Tokens act as hard constraints, not suggestions.
Governance model for automation
Underlith separates responsibilities across three levels. AI and automation operate at Level 3 — as product consumers, not decision-makers.
Level 1 — Underlith core (primitives, slow, stable)
↓
Level 2 — @your-org/tokens (brand contract, your cadence)
↓
Level 3 — Every product: web app, mobile, admin, AI agent
↓
CI enforcement (drift check, contrast, visual regression)
↓
Validated UI output
- Governance defines the rules
- CI enforces them
- AI operates within them
Automation executes the system. It does not redefine it.
Automated safeguards
Underlith integrates with CI pipelines to ensure automation cannot bypass design governance.
Token validation
lint:tokens
Ensures tokens follow schema rules, naming conventions, and semantic structure. CI fails when tokens violate the contract.
Drift detection
lint:tokens-check
Detects hardcoded design values in the codebase — hex, rgb, hsl, oklch literals and var(-- references not resolving to --ul-* or --ul-color-*.
Example — drift detected:
padding: 12px;
Expected:
padding: var(--ul-space-3);
Contract protection
breaking-change detection
Detects token changes that break downstream consumers.
Examples of breaking changes:
- token removal
- token rename
- semantic value change without version bump
CI blocks these changes until they are properly versioned.
AI-assisted workflows
Underlith is designed to work safely with AI-driven development. Tokens provide the machine-readable structure that allows AI to generate deterministic UI.
underlith init --shadcn
Reads an existing globals.css, maps CSS variables to semantic tokens,
and rewrites the file.
No component changes required.
underlith brand init
Separates base tokens from brand tokens and scaffolds a publishable
@your-org/tokens package — your Level 2 brand contract.
AI extracts structure from the token layer without inventing values.
underlith migrate (roadmap)
Scans a codebase for hardcoded design values and replaces them with the correct tokens.
This enables safe large-scale migrations.
Token-aware AI prompts
AI systems can operate directly within token constraints.
Example prompt:
Generate a Card component using only the following tokens:
Colors
--ul-color-neutral-0
--ul-color-neutral-200
--ul-color-neutral-900
--ul-color-brand-primary
Spacing
--ul-space-3
--ul-space-4
Radius
--ul-radius-sm
--ul-radius-md
Typography
--ul-font-size-sm
--ul-font-weight-medium
Motion
--ul-duration-fast
--ul-ease-inout
AI output remains aligned with the design system by design.
Result
Automation can safely generate and modify UI.

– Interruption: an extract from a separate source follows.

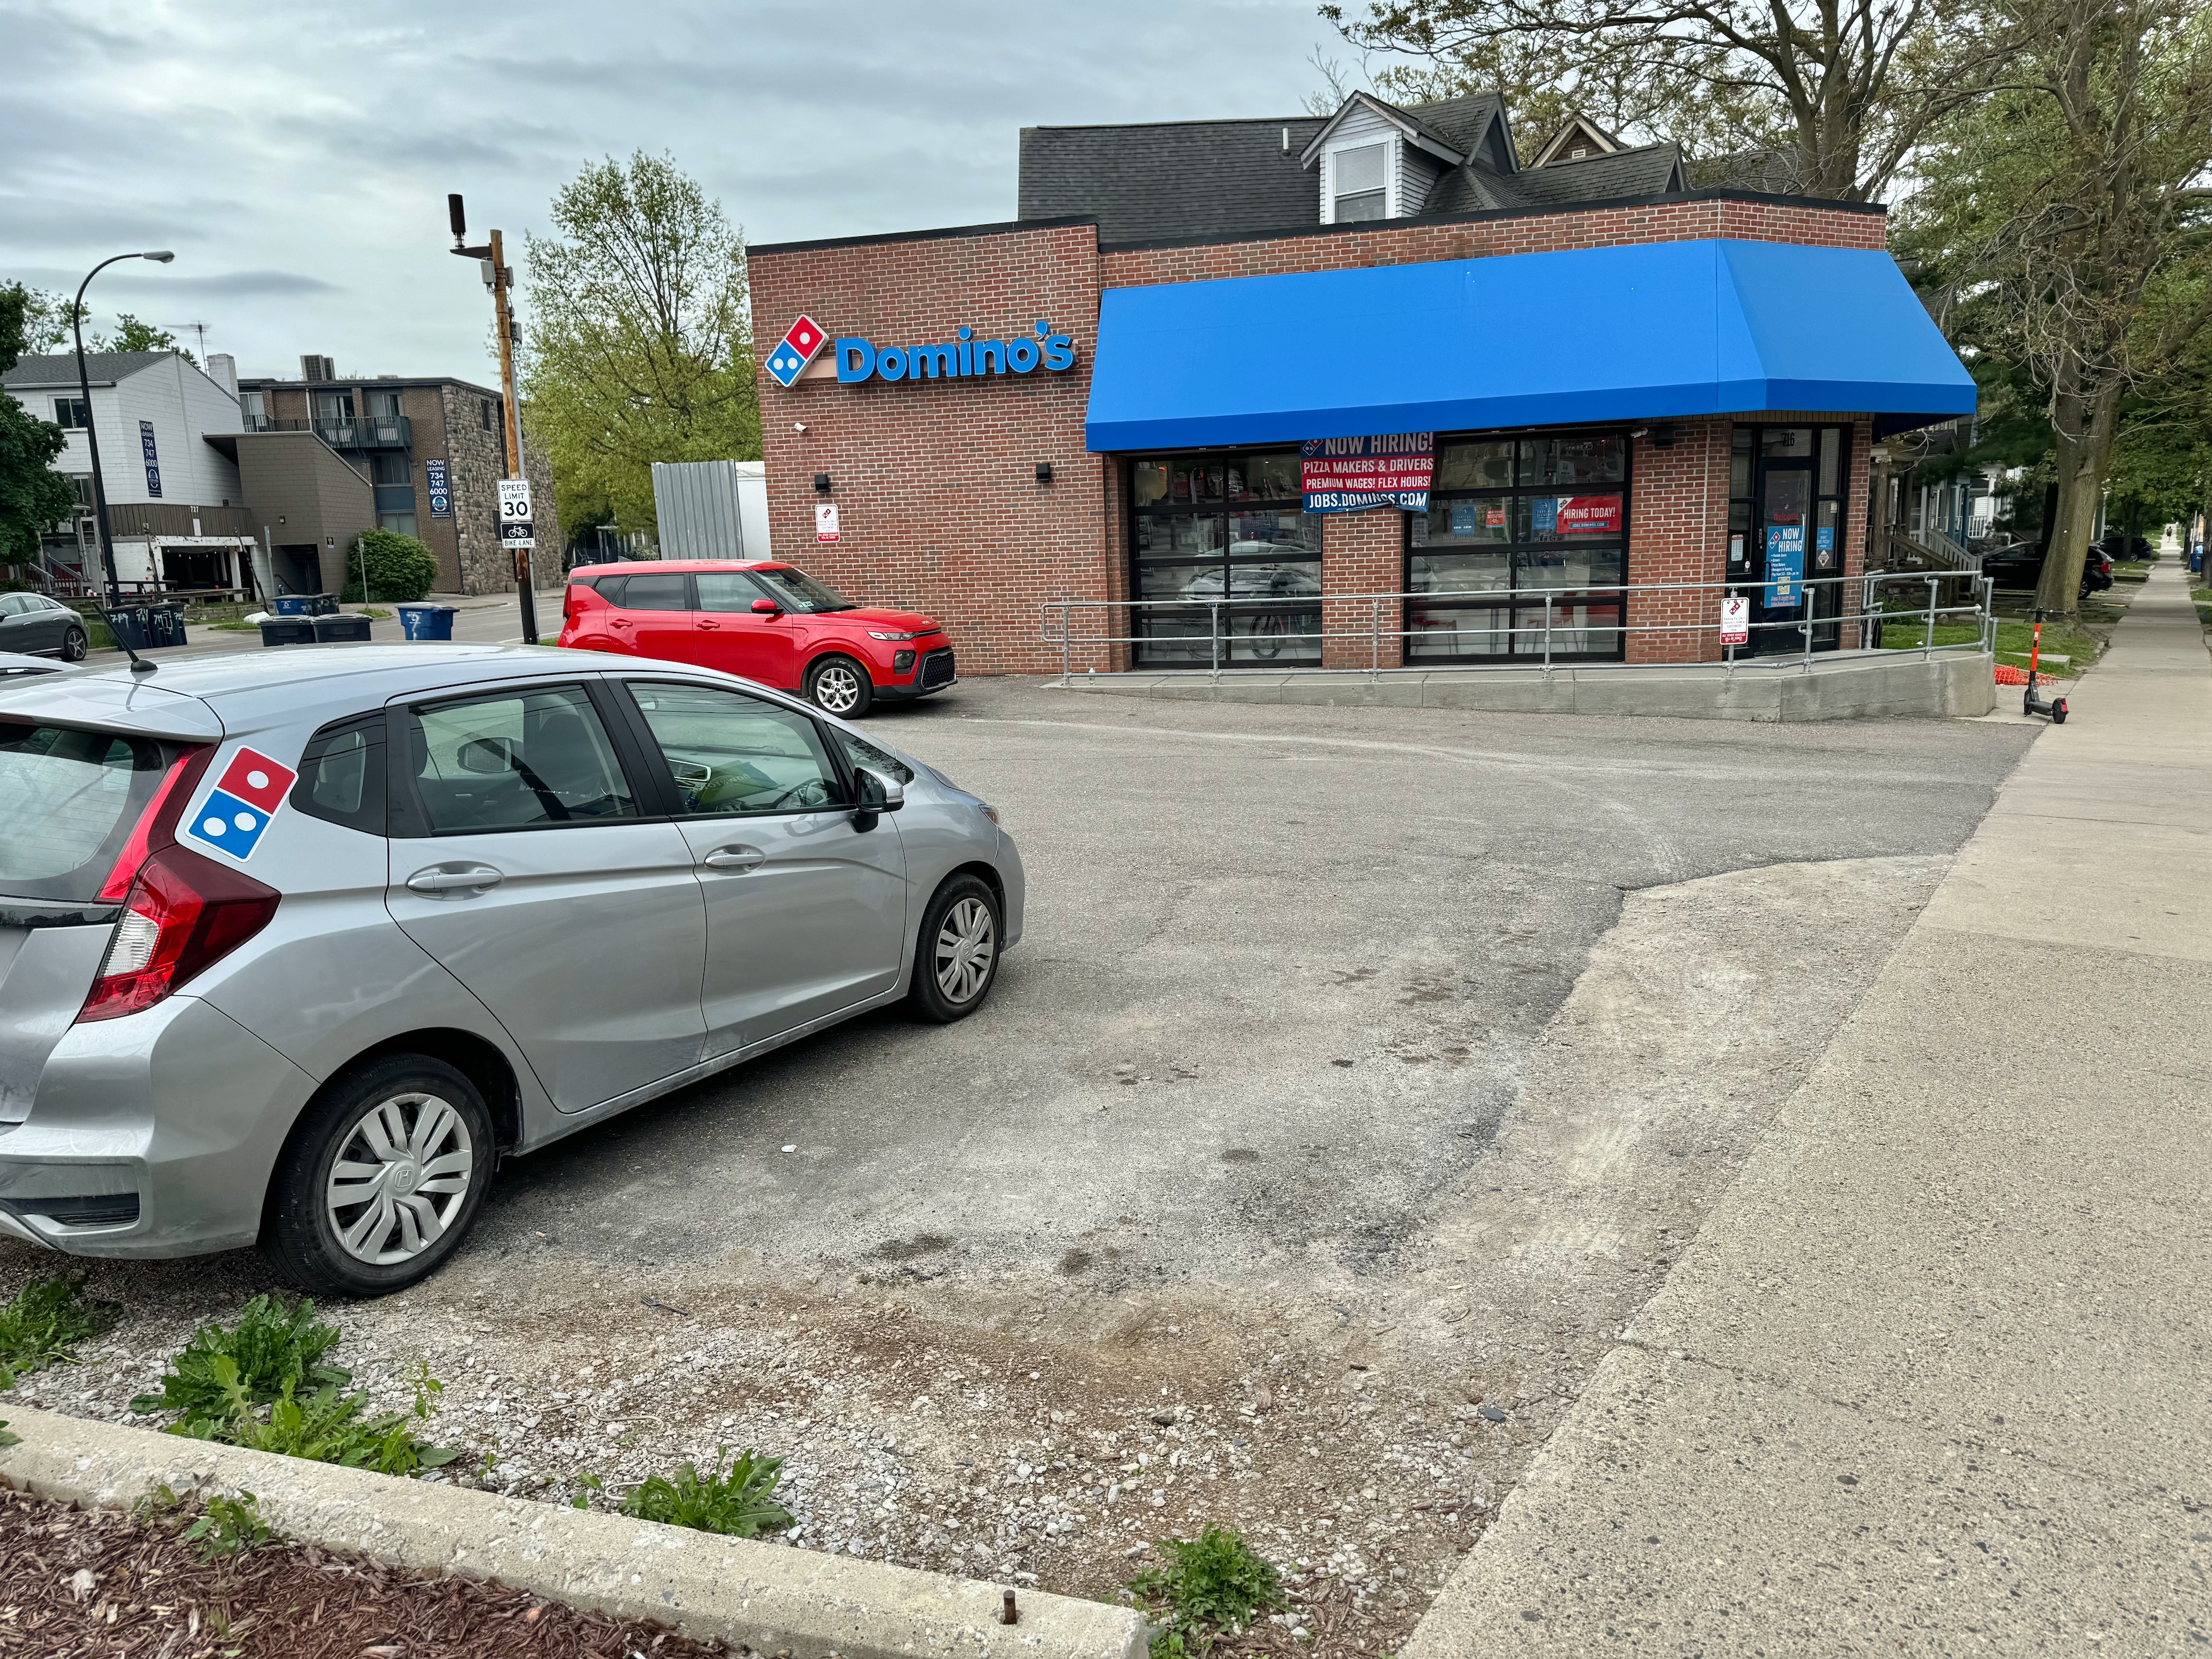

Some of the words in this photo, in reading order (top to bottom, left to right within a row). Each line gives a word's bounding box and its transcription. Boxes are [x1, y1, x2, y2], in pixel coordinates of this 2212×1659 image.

AI becomes a constrained executor within the design system, not a source of arbitrary visual decisions.
Design governance remains intact even as development becomes increasingly automated.
AI is a constrained executor, not a decision-maker.
Underlith ensures that automated workflows respect the same design contracts that define your brand.
What's available today
- Design tokens: spacing, typography, radius, colors (neutral/brand), opacity, elevation, status
- Motion tokens: durations, easings, composite animations and reduced-motion policy
- Semantic aliases for consumption via
var(--ul-color-*)— single consumption path - CSS-first consumption via
src/underlith.css - CLI flows:
underlith init --shadcnandunderlith brand init - Governance and CI guidance with token-aware checks
CI inputs & outputs
CI operates on canonical inputs and produces deterministic artifacts.
Inputs
src/tokens/**— base token definitionsunderlith.tokens.css— canonical sourceyour-org.brand.css— brand layer- Consumer code (token-aware lint)
Outputs
underlith.tokens.cssunderlith.cssyour-org.brand.cssandyour-org.base.css- CI reports (lint, breaking changes, audits)
Core CI jobs
- build:tokens — generate artifacts from the canonical source
- lint:tokens — validate schema, naming and aliases
- lint:tokens-check — block hardcoded design values in components
- breaking-change detection — protect the token contract
- test:contrast — validate WCAG AA contrast minimums for status and brand tokens
- visual-regression (recommended) — ensure visual equivalence
- audit-log — record generations and refactors
CI quickstart
name: Tokens CI
on:
pull_request:
paths:
- 'src/tokens/**'
- 'styles/**'
jobs:
build-tokens:
runs-on: ubuntu-latest
steps:
- uses: actions/checkout@v4
- run: npm ci
- run: npm run build:tokens
- run: npm run lint:tokens
drift-check:
runs-on: ubuntu-latest
needs: build-tokens
steps:
- uses: actions/checkout@v4
- run: npm ci
- run: npm run lint:tokens-check
Reduced motion
Motion tokens automatically respect accessibility preferences. When
prefers-reduced-motion: reduce is set, durations collapse to near-zero.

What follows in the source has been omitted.